For example, the nominees proposed as true authors went to university. After the case was made for Francis Bacon, other names surfaced. Christopher Marlowe was offered in an 1895 novel by American Wilbur Gleason Zeigler. The fact that he had died in a pub brawl in 1593 did not deter the theory, which stretched to the point that Marlowe was a spy who faked his own death and went to Italy (which is why many Shakespeare plays are set there). To this day, the Hoffman Prize is awarded each year for the best essay about Marlowe as the actual author of the plays or about his relationship to Shakespeare.
Edward de Vere came into the picture in 1920, suggested by J. Thomas Looney. As Earl of Oxford it would not have been respectable for him to write for the theater, but such was his love and skill that he wrote under the name Shakespeare. Charlton and Dorothy Ogburn took up this argument in their book: This star of England (1952) and subsequent generations of Oxfordians.
The question of cooperation has also been well studied. A common practice at the time, there is evidence that Shakespeare had worked with other people on some of his plays, including with John Fletcher for Henry VIII, The Two Noble Relatives and the lost work Cardeniothus it has been argued that he was never the sole author of a work.
“One of the interesting things is the number of lawyers involved in the authorship discussion,” says Dr. Edmondson. “In 1987, three US Supreme Court justices put Shakespeare on trial, so to speak. And in 1988 Lord Justices met at the Inner Temple in London to do something similar.
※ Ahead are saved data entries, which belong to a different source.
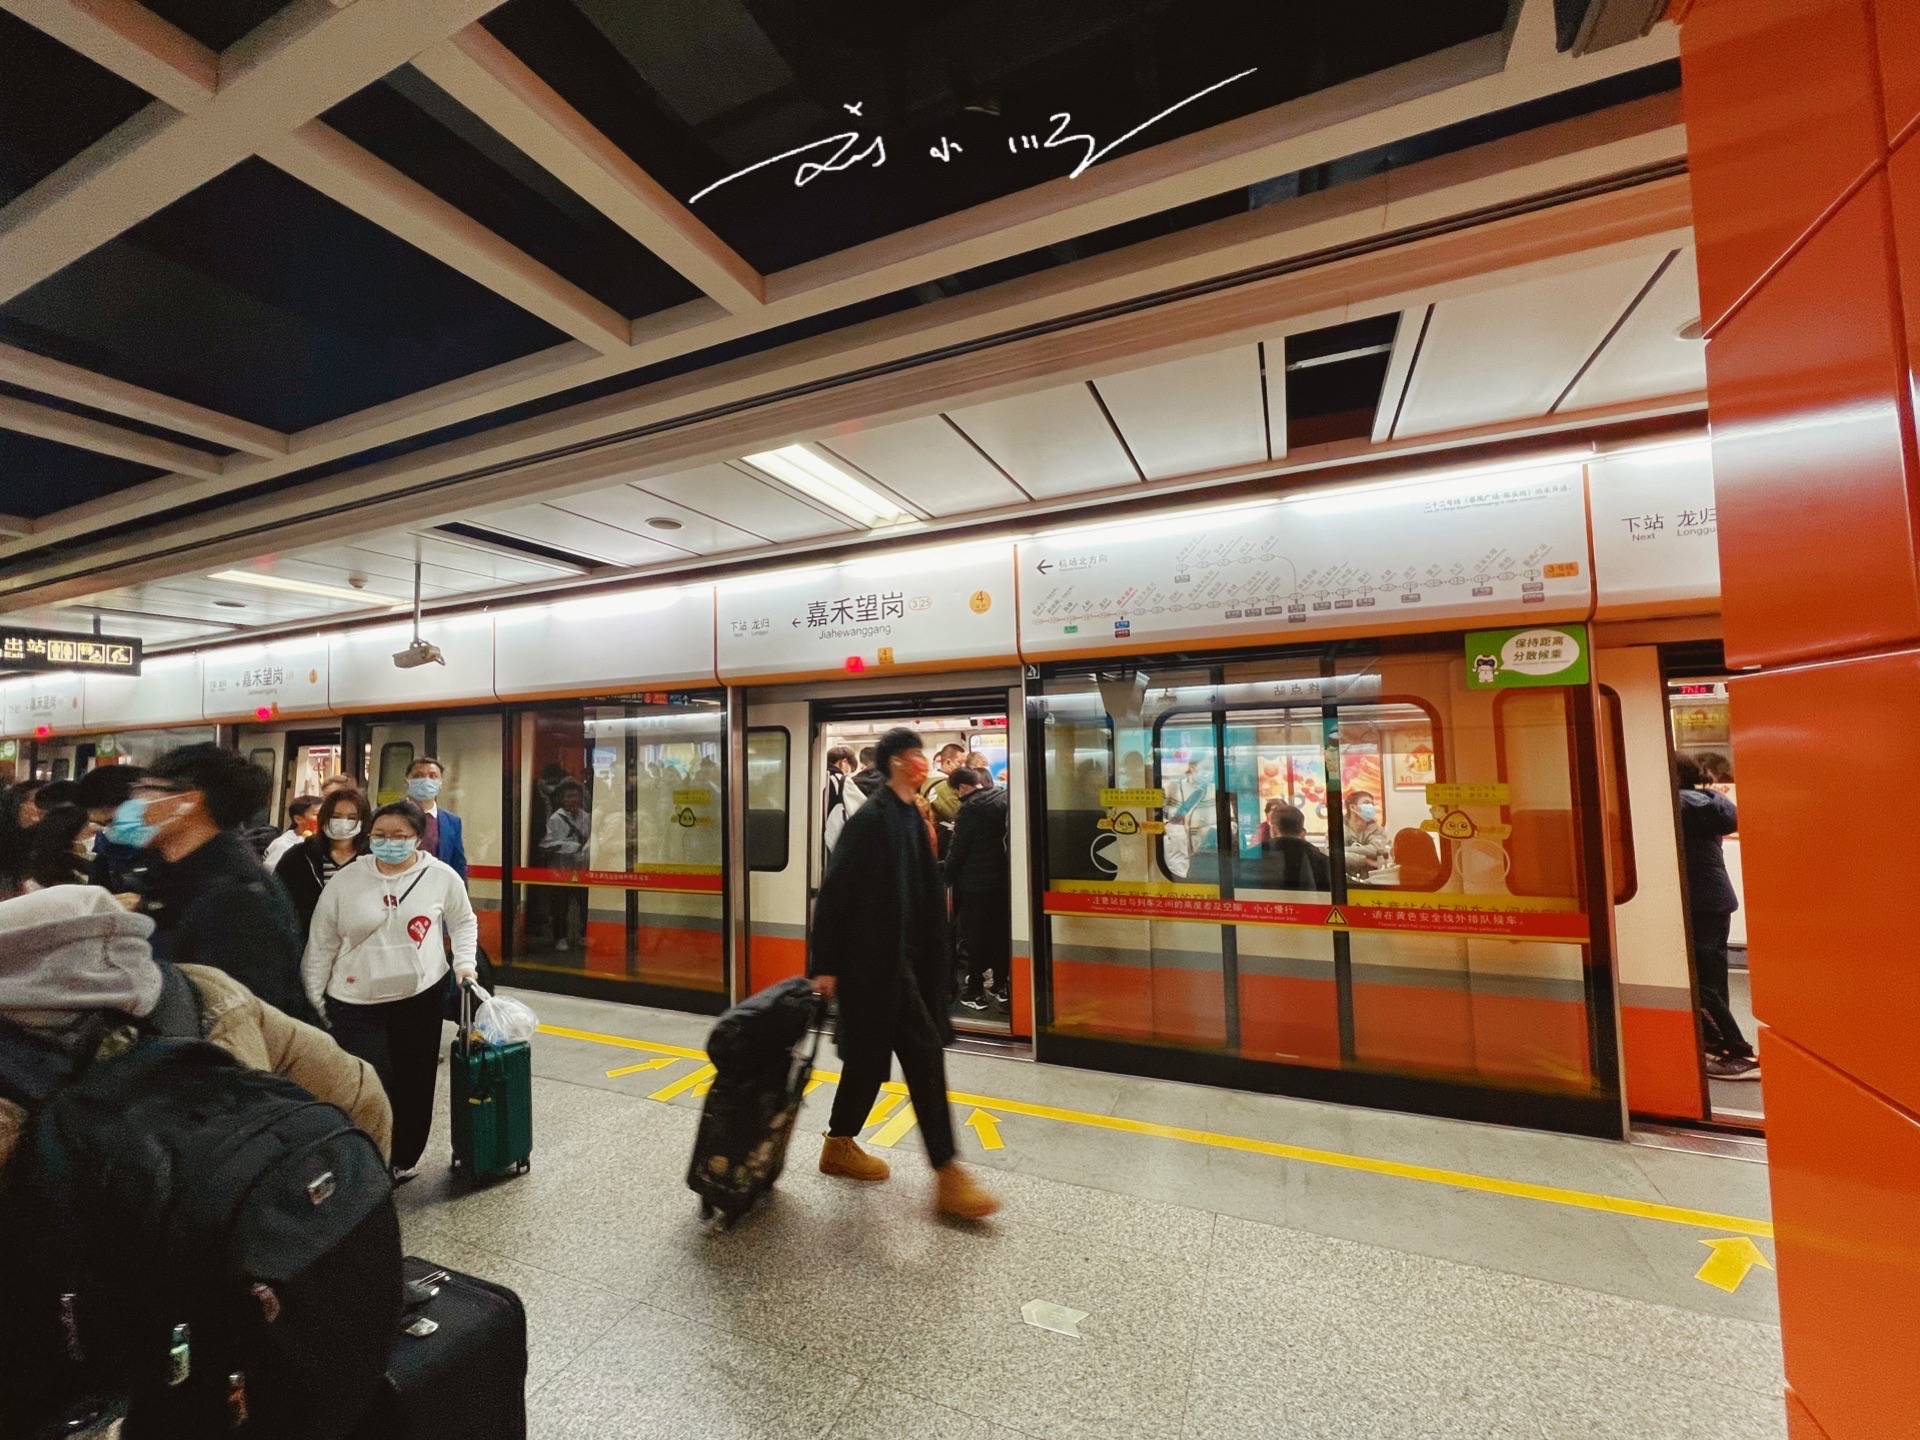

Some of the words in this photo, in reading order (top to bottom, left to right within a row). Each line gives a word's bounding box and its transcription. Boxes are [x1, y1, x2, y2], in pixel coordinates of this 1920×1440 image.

[1621, 513, 1664, 532] 下站
[1677, 507, 1716, 527] 龙归
[1632, 533, 1655, 541] Next
[806, 591, 904, 628] 嘉禾望岗
[819, 624, 892, 640] Jiahewanggang
[4, 637, 46, 654] 出站
[1515, 636, 1564, 648] 保持距离
[242, 666, 283, 688] 嘉禾望岗
Both have ruled in Shakespeare’s favour, but what amazes me is that it has even come to this.”
The evidence that exposes the conspiracy
In general, it’s a two-pronged approach: the first is to challenge the individual nominees who are proposed in Shakespeare’s place. For example, in 1925 (after Zeigler’s novel), a coroner’s report of Marlowe’s death was discovered. De Vere also died before many of Shakespeare’s plays were written. Although some of the works have proved difficult to date, Dr. Edmondson suggests that it is possible to identify “fashions of the Jacobean playwright” that could not have existed before de Vere’s death in 1604.
The second pillar is the abundance of corroborating evidence that Shakespeare was a major figure in the theater at the time. On the one hand, his name appears on the title pages of his plays; Contemporaries and early drafts of his own coat of arms name him as a dramatist; and of course he was a shareholder of the Globe. In 1598 Francis Mears wrote a list of 12 plays attributed to Shakespeare, while playwright Ben Jonson’s documented conversations with William Drummond in 1618–19 discuss his works in detail.
The funerary monument at Holy Trinity Church depicts Shakespeare holding a quill and reclining on a writing pad, and may have been commissioned during his lifetime, according to research by Lena Cowen Orlin of Georgetown University. That means it was something of a life portrait, suggests Dr. Edmondson before, “because he himself wanted to be remembered for posterity”.
Nothing can silence the theorists, says Dr. Edmondson, but taken together the evidence points overwhelmingly to Shakespeare as the true author. “Every aspect, every piece of evidence must be fully and convincingly refuted. You have to go through each one and say why that’s not the case before you can even consider that the author is someone else.”
As for the argument from Shakespeare’s education, Dr. Edmondson that the bard was not at all lacking in an appropriate degree of scholarship for his works. “The flourishing of English literature in Shakespeare’s day is due to the humanistic grammar schools established under Edward VI. were established,” he says. “Young minds that have been taught to think, that learn to blend language together for powerful effects, to see that language is power: this is the kind of mind that Shakespeare shaped.”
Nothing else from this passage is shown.